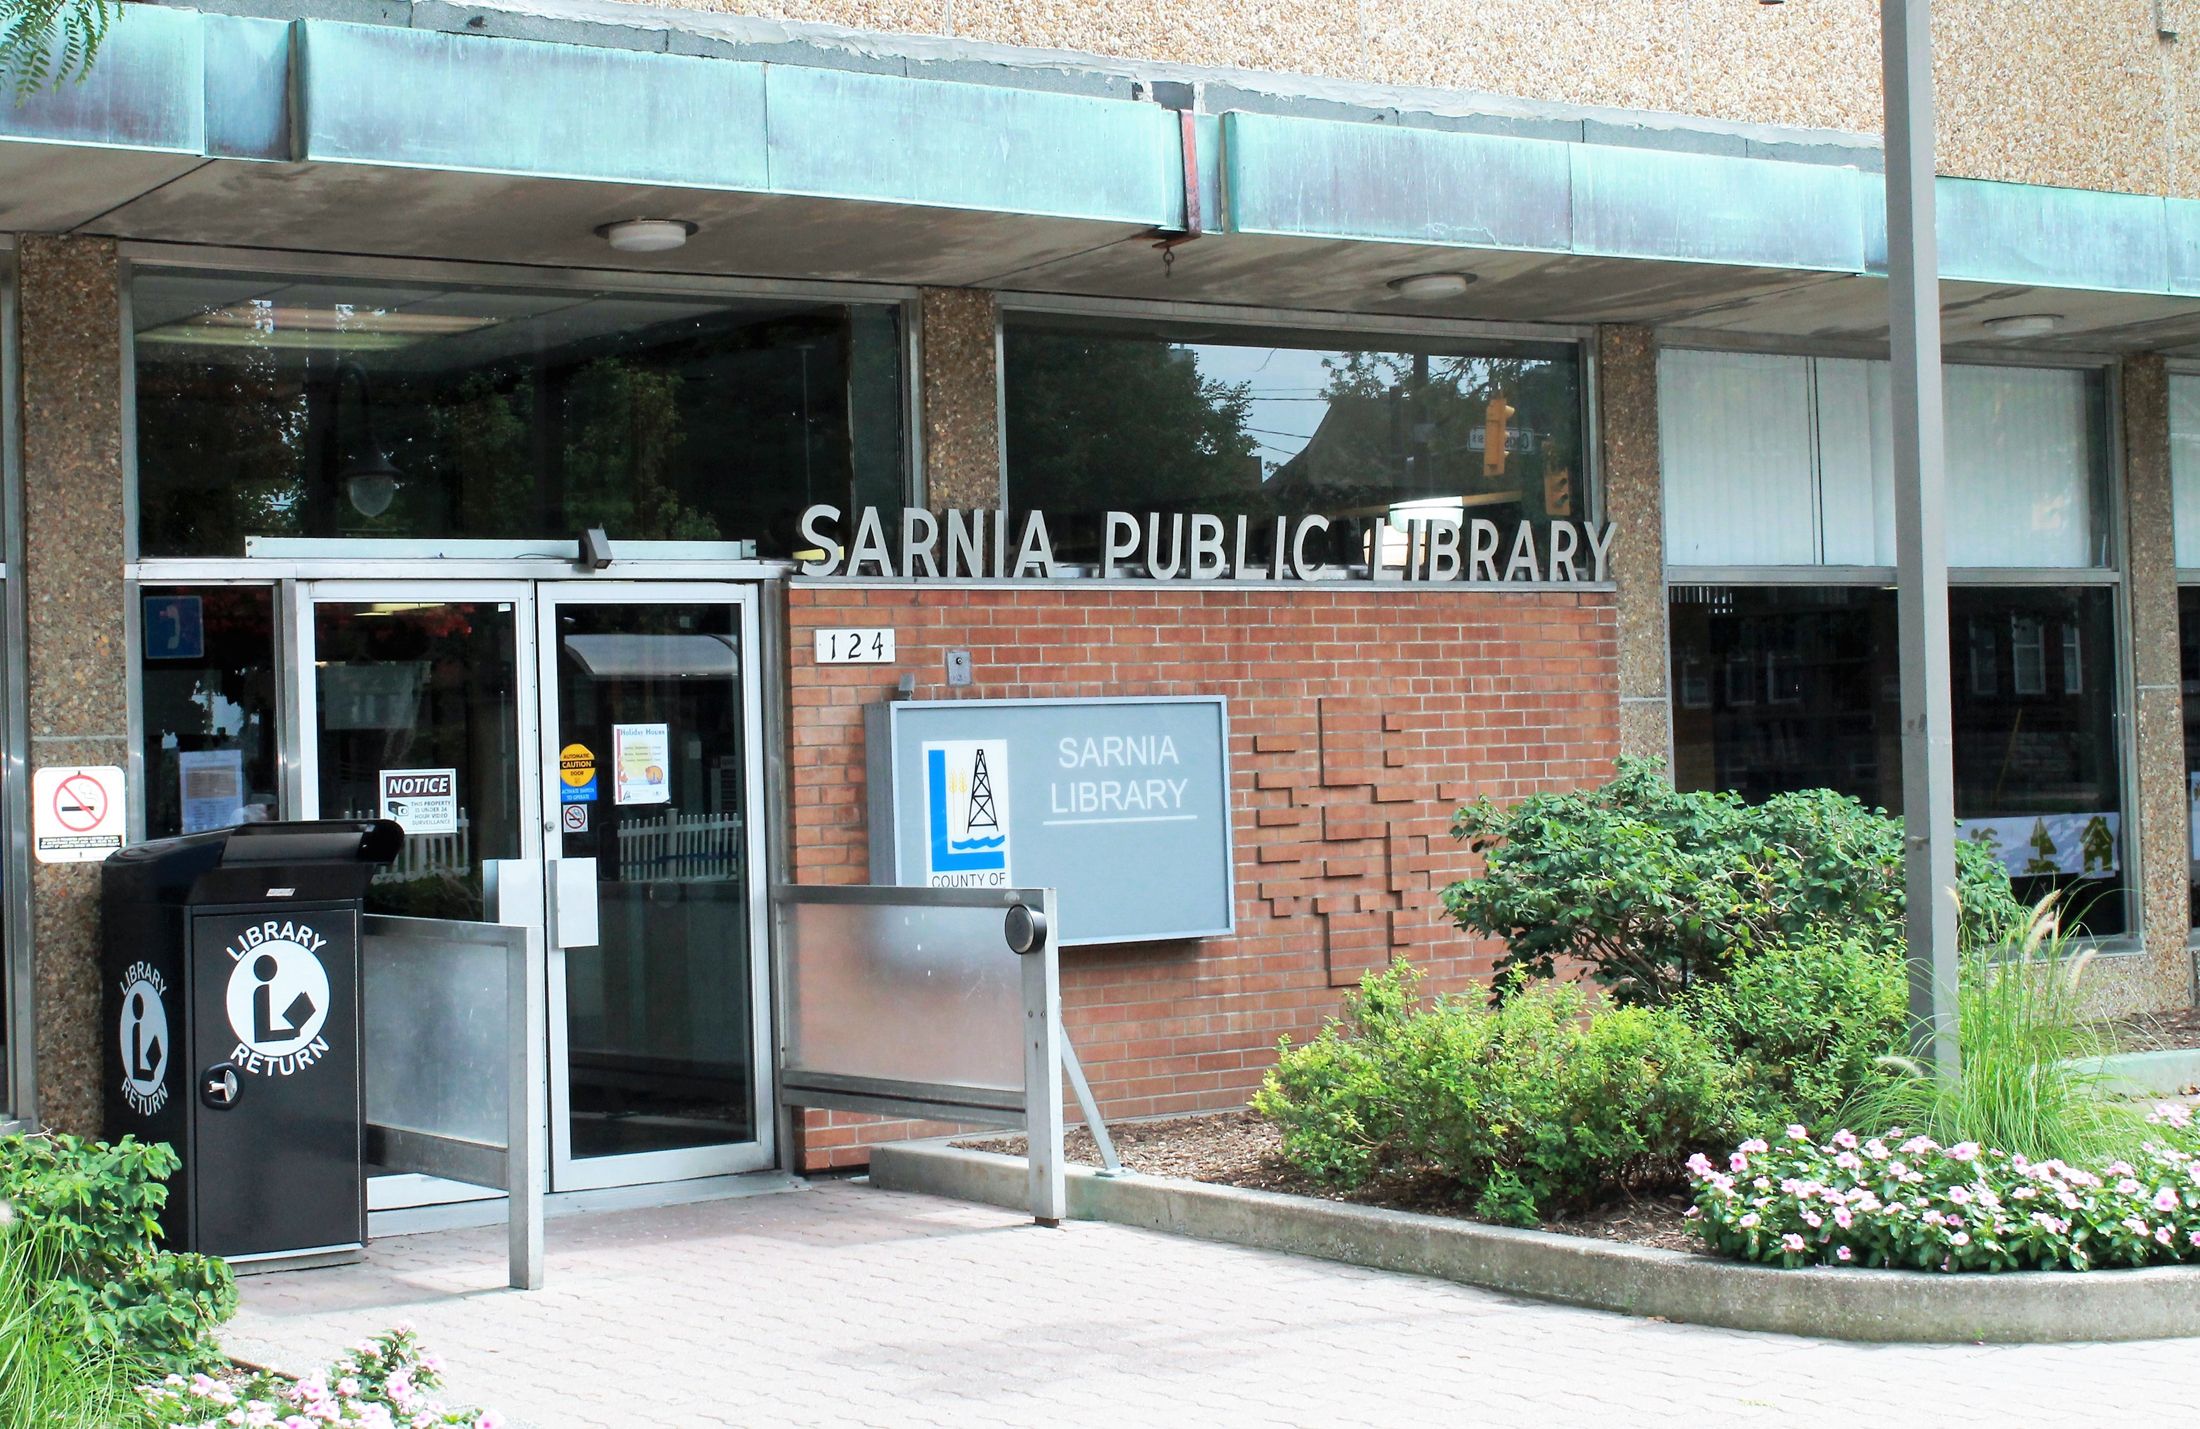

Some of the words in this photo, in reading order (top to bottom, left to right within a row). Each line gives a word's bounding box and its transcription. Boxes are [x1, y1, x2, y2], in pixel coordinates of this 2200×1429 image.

[801, 503, 1058, 578] SARNIA
[1104, 510, 1330, 581] PUBLIC
[1372, 517, 1618, 582] LIBRARY
[830, 631, 884, 661] 124
[562, 760, 592, 769] CAUTION
[1057, 734, 1180, 769] SARNIA
[389, 778, 448, 794] NOTICE
[1050, 777, 1189, 814] LIBRARY
[931, 873, 985, 888] COUNTY
[989, 872, 1006, 886] OF
[226, 920, 328, 962] LIBRARY
[119, 960, 168, 997] LIBRARY
[230, 1035, 330, 1077] RETURN
[121, 1076, 169, 1117] RETURN
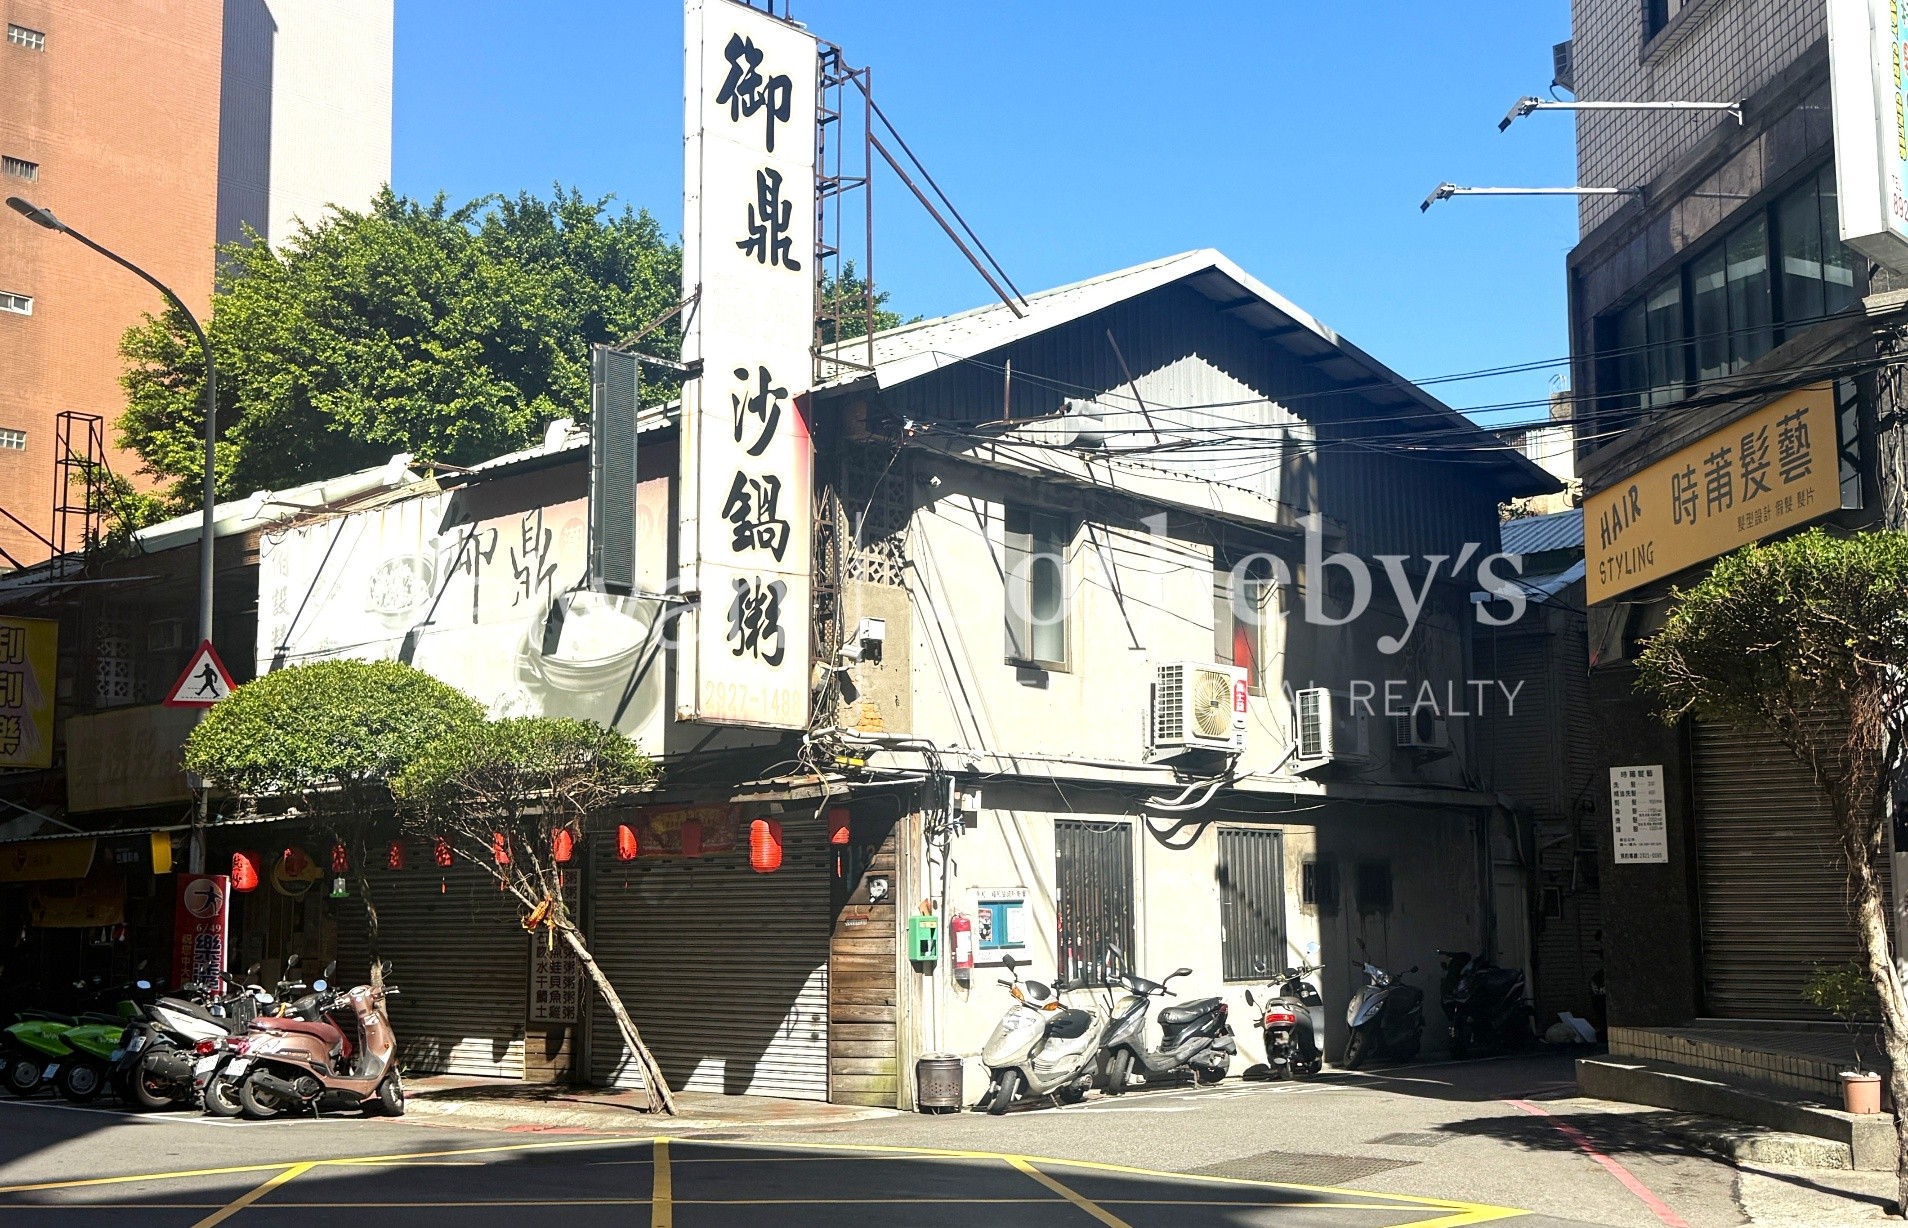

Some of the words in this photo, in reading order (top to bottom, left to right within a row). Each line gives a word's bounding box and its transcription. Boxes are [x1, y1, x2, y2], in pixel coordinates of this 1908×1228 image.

[716, 32, 801, 272] 御鼎
[1671, 407, 1813, 526] 時莆髮藝
[721, 367, 789, 667] 沙鍋粥
[1599, 540, 1655, 585] STYLING
[1600, 485, 1642, 550] HAIR
[196, 923, 222, 933] 6/49
○ ○ ○ ○
■ Work instructions: Each line from the one containing "this 1908×1228 image." to the end of the entries above should be copied exactly, and no other line.

■ Answer to the exercise:
Some of the words in this photo, in reading order (top to bottom, left to right within a row). Each line gives a word's bounding box and its transcription. Boxes are [x1, y1, x2, y2], in pixel coordinates of this 1908×1228 image.

[716, 32, 801, 272] 御鼎
[1671, 407, 1813, 526] 時莆髮藝
[721, 367, 789, 667] 沙鍋粥
[1599, 540, 1655, 585] STYLING
[1600, 485, 1642, 550] HAIR
[196, 923, 222, 933] 6/49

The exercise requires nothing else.